Durata 50'  -  14 Ballerini

Video

 

Rassegna Stampa

 Prima rappresentazione assoluta:

30 Ottobre 1999

Teatro Nazionale 

Milano

Concerto n° 1 in Re minore per pianoforte e orchestra

musica di Johannes Brahms

 registrazione diretta da Claudio Abbado

orchestra Filarmonica di Berlino, al pianoforte Alfred Brendel 

 Coreografia, scene e costumi di Marinel Stefanescu

Maitre du ballet: Liliana Cosi

Uno spettacolo che guarda in avanti, alle speranze d’armonia e di pace che tutti sognano, anche inconsciamente, per questo inizio di nuovo millennio.

Lo stile più universale dalla danza classica, unito alla estrema varietà di linguaggio, trae da essa la più ampia libertà espressiva. Quasi un gareggiare con la musica che continuamente la ispira.
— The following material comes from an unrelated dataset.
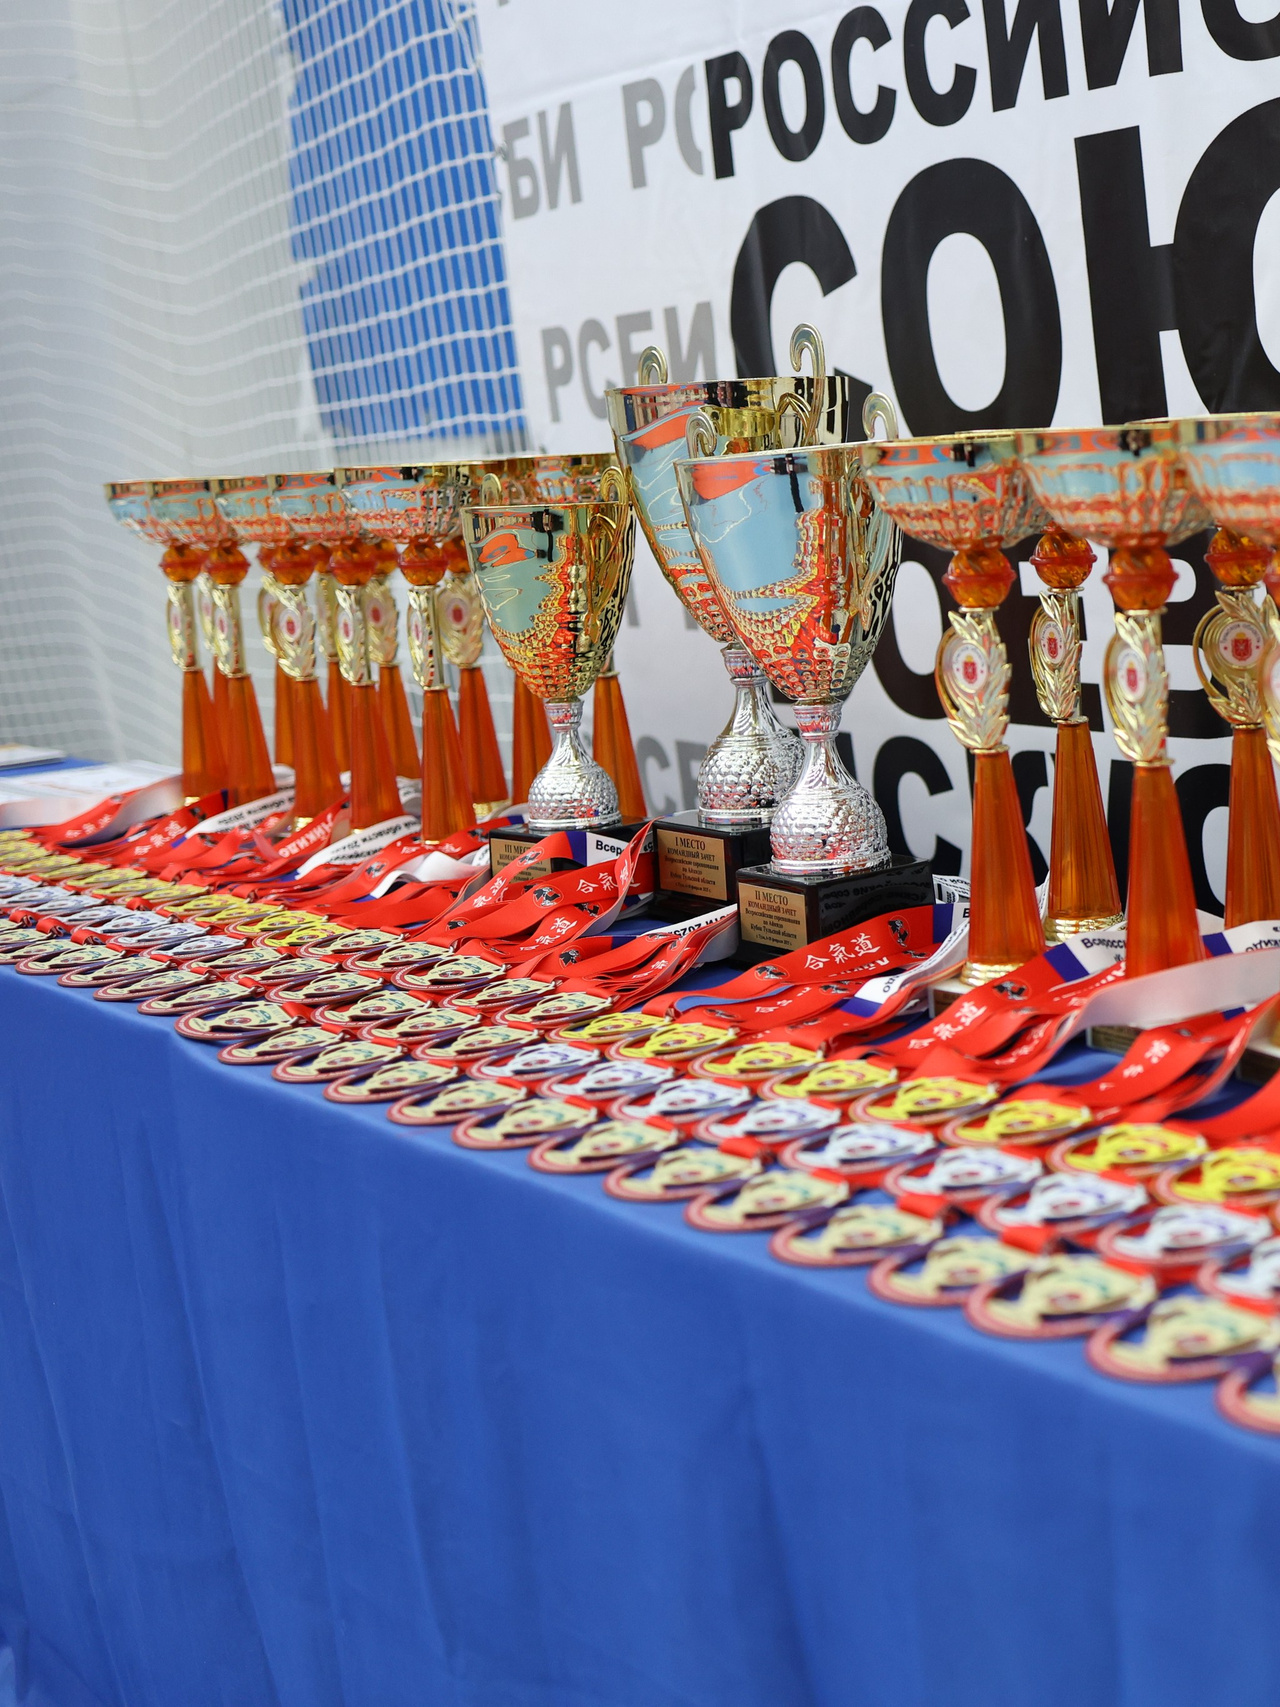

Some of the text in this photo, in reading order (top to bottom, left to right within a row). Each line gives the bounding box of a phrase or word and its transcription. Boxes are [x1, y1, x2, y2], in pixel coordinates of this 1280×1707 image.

[595, 840, 623, 858] Всер
[679, 837, 706, 851] МЕСТО
[761, 892, 789, 906] МЕСТО
L’idea di mettere in scena il Concerto in Re minore di Brahms ha talmente coinvolto Stefanescu da spingerlo a idearne anche le scenografie.  Tre fondali dalle tinte a volte forti, a volte estremamente poetiche, dalle luci irridescenti che visualizzano e propongono in forma del tutto nuova la musica di Brahms in una dimensione universale e di grande attualità.
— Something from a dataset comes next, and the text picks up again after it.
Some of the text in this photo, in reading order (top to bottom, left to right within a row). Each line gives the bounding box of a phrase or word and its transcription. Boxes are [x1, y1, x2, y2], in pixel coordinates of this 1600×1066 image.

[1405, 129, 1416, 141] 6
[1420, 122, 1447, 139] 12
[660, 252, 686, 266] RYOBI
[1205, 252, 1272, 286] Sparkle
La Compagnia Balletto Classico al completo con quattordici Ballerini sulla scena, tutte le gamme dei colori per uno spettacolo di balletto dal titolo così insolito, quanto emblematico, ma che introduce allo spirito che lo anima.

Un recente articolo così lo commenta: “…. gli  interpreti raccontavano trame di una geometria aerea, un disegno luminoso che proviene dall’interno, una sorta di spirituale che è connaturato col terrestre …. Un’audacia nel campo del balletto, che il pubblico ha sommerso di applausi”.    

Il Concerto di Brahms  viene preceduto da alcuni brani, sempre della mano dello stesso coreografo, che introducono lo spettatore a coglierne l’atmosfera.